TASK TO CARRY OUT » All of the records below are to be printed exactly; the pictures are to be left out.

Saved entries »
*** Begin section ***
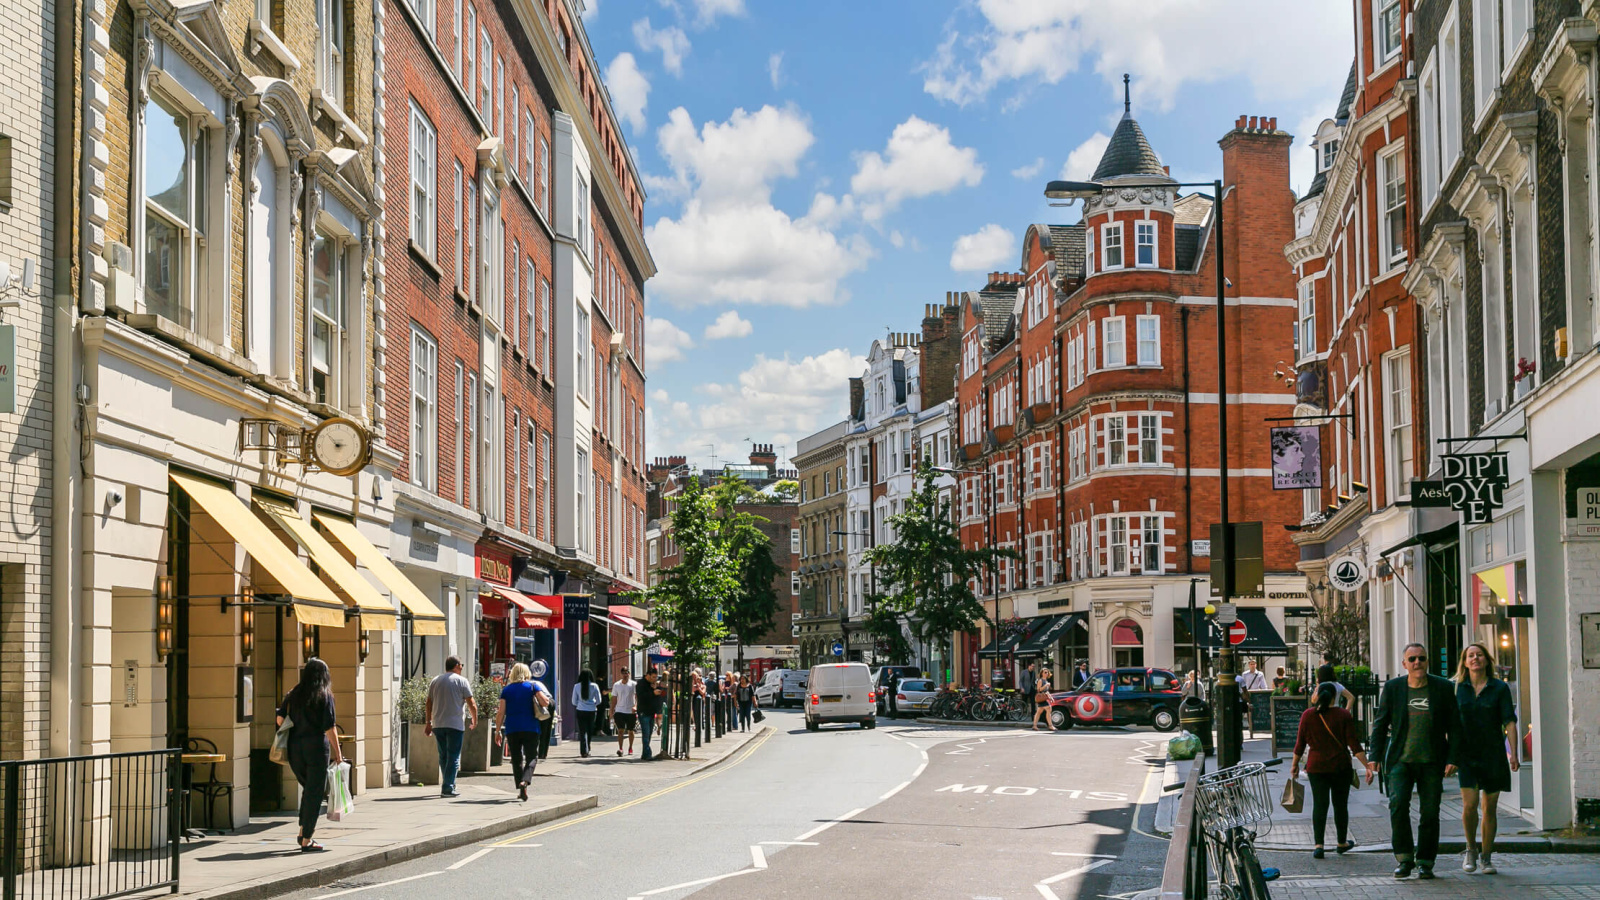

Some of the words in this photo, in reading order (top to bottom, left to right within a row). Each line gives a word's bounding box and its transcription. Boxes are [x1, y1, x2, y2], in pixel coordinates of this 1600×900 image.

[1443, 455, 1507, 478] DIPT
[1332, 575, 1345, 588] PETIT
[1346, 574, 1364, 588] BATEAU
[934, 783, 1128, 801] SLOW
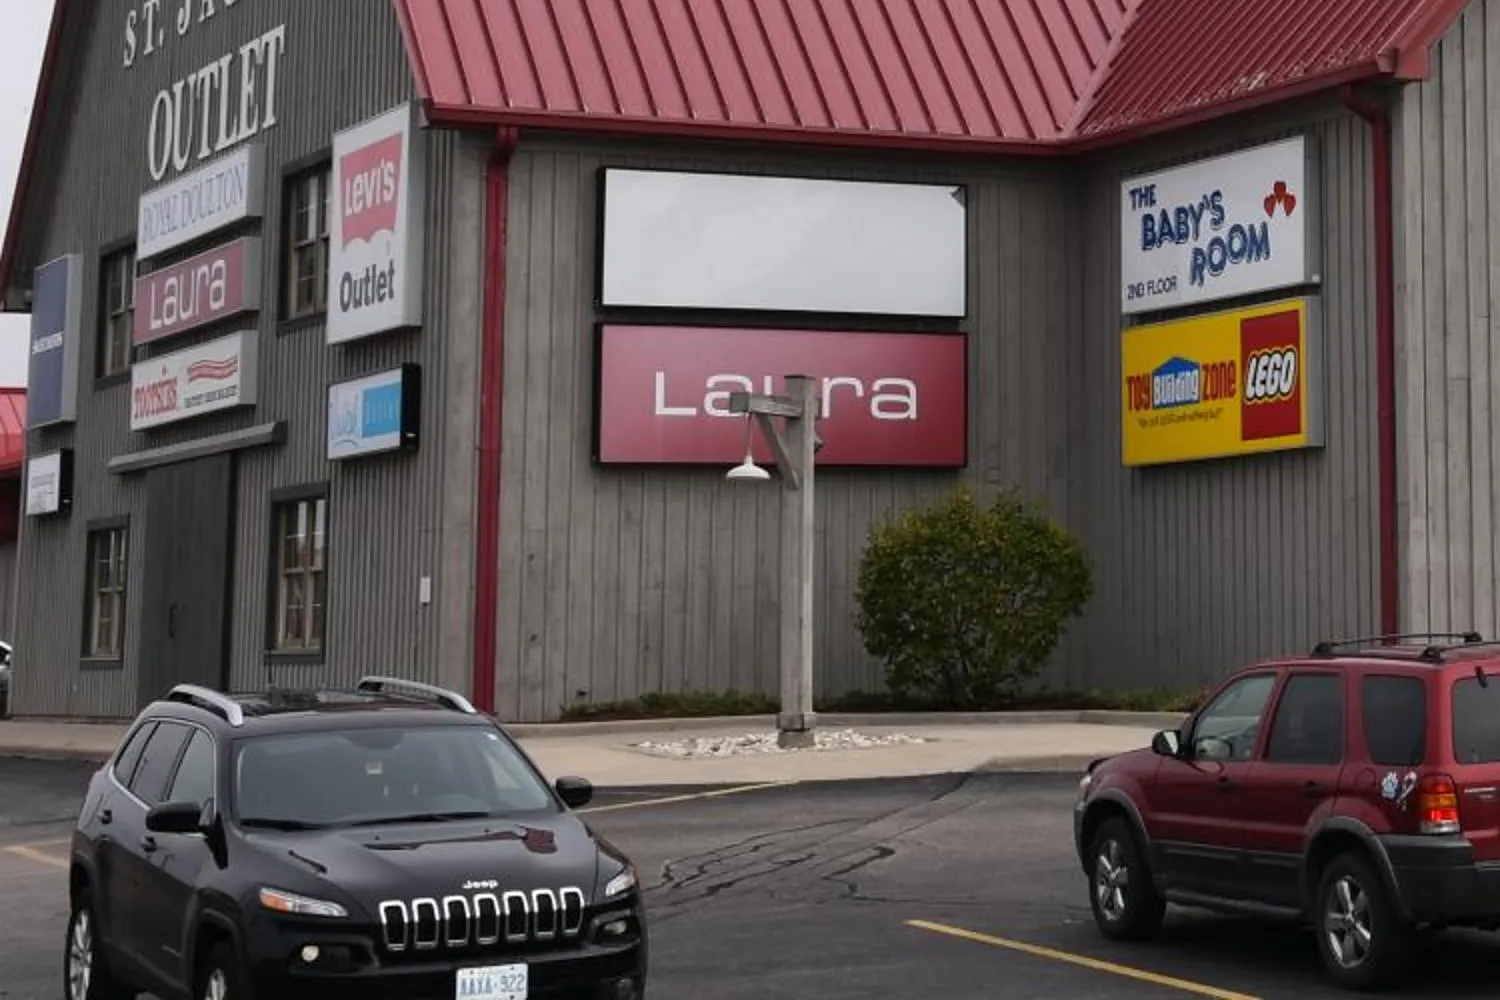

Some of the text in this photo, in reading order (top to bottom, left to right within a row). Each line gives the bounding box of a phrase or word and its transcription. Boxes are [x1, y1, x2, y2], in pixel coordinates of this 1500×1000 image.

[149, 24, 286, 181] OUTLET
[1128, 183, 1157, 210] THE
[1141, 189, 1225, 252] BABY'S
[1189, 221, 1271, 287] ROOM
[150, 259, 226, 329] Laura
[340, 260, 396, 312] Outlet
[1147, 275, 1178, 296] FLOOR
[655, 371, 918, 420] Lara
[1245, 348, 1297, 401] LEGO
[462, 880, 499, 889] Jeep
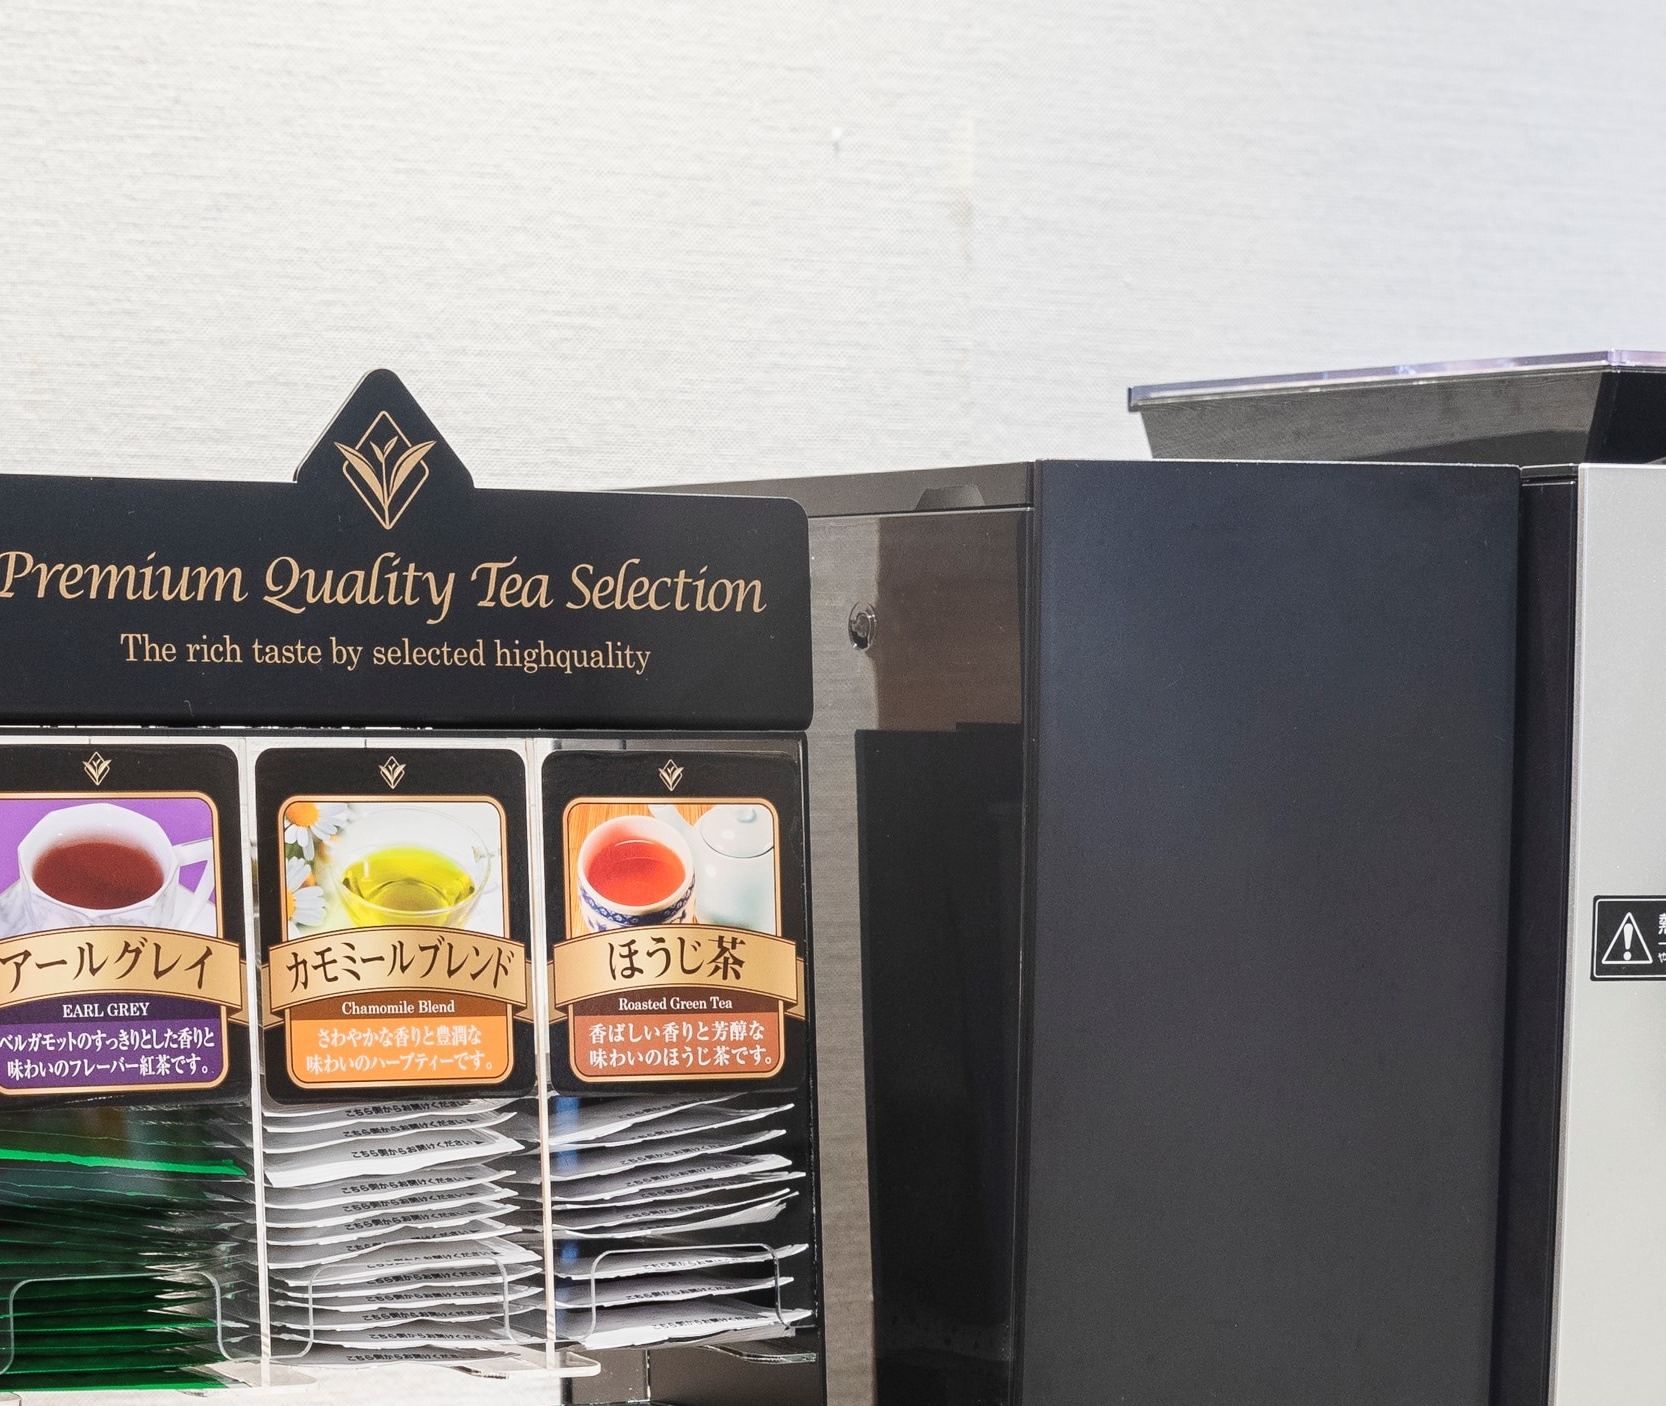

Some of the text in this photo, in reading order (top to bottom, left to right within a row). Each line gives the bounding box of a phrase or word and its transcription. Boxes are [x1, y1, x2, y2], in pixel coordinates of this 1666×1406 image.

[263, 551, 455, 625] Quality
[470, 556, 554, 609] Tea
[566, 558, 767, 613] Selection
[120, 633, 651, 675] The rich taste by selected highquality
[286, 934, 515, 994] カモミールブレンド
[608, 935, 747, 981] ほうじ茶
[63, 1002, 150, 1018] EARL GREY
[341, 1000, 455, 1016] Chamomile Blend
[618, 996, 733, 1011] Roasted Green Tea
[317, 1024, 482, 1049] さわやかな香りと豊潤な
[589, 1020, 765, 1044] 香ばしい香りと芳醇な
[7, 1054, 210, 1081] 味わいのフレーバー紅茶です。
[307, 1052, 493, 1074] 味わいのハーブティーです。
[589, 1046, 773, 1069] 味わいのほうじ茶です。
*** End section ***
RESPONSE TO THIS TASK »
Some of the words in this photo, in reading order (top to bottom, left to right within a row). Each line gives a word's bounding box and its transcription. Boxes are [x1, y1, x2, y2], in pixel coordinates of this 1600×900 image.

[1443, 455, 1507, 478] DIPT
[1332, 575, 1345, 588] PETIT
[1346, 574, 1364, 588] BATEAU
[934, 783, 1128, 801] SLOW

Some of the text in this photo, in reading order (top to bottom, left to right within a row). Each line gives the bounding box of a phrase or word and its transcription. Boxes are [x1, y1, x2, y2], in pixel coordinates of this 1500×1000 image.

[149, 24, 286, 181] OUTLET
[1128, 183, 1157, 210] THE
[1141, 189, 1225, 252] BABY'S
[1189, 221, 1271, 287] ROOM
[150, 259, 226, 329] Laura
[340, 260, 396, 312] Outlet
[1147, 275, 1178, 296] FLOOR
[655, 371, 918, 420] Lara
[1245, 348, 1297, 401] LEGO
[462, 880, 499, 889] Jeep

Some of the text in this photo, in reading order (top to bottom, left to right within a row). Each line gives the bounding box of a phrase or word and its transcription. Boxes are [x1, y1, x2, y2], in pixel coordinates of this 1666×1406 image.

[263, 551, 455, 625] Quality
[470, 556, 554, 609] Tea
[566, 558, 767, 613] Selection
[120, 633, 651, 675] The rich taste by selected highquality
[286, 934, 515, 994] カモミールブレンド
[608, 935, 747, 981] ほうじ茶
[63, 1002, 150, 1018] EARL GREY
[341, 1000, 455, 1016] Chamomile Blend
[618, 996, 733, 1011] Roasted Green Tea
[317, 1024, 482, 1049] さわやかな香りと豊潤な
[589, 1020, 765, 1044] 香ばしい香りと芳醇な
[7, 1054, 210, 1081] 味わいのフレーバー紅茶です。
[307, 1052, 493, 1074] 味わいのハーブティーです。
[589, 1046, 773, 1069] 味わいのほうじ茶です。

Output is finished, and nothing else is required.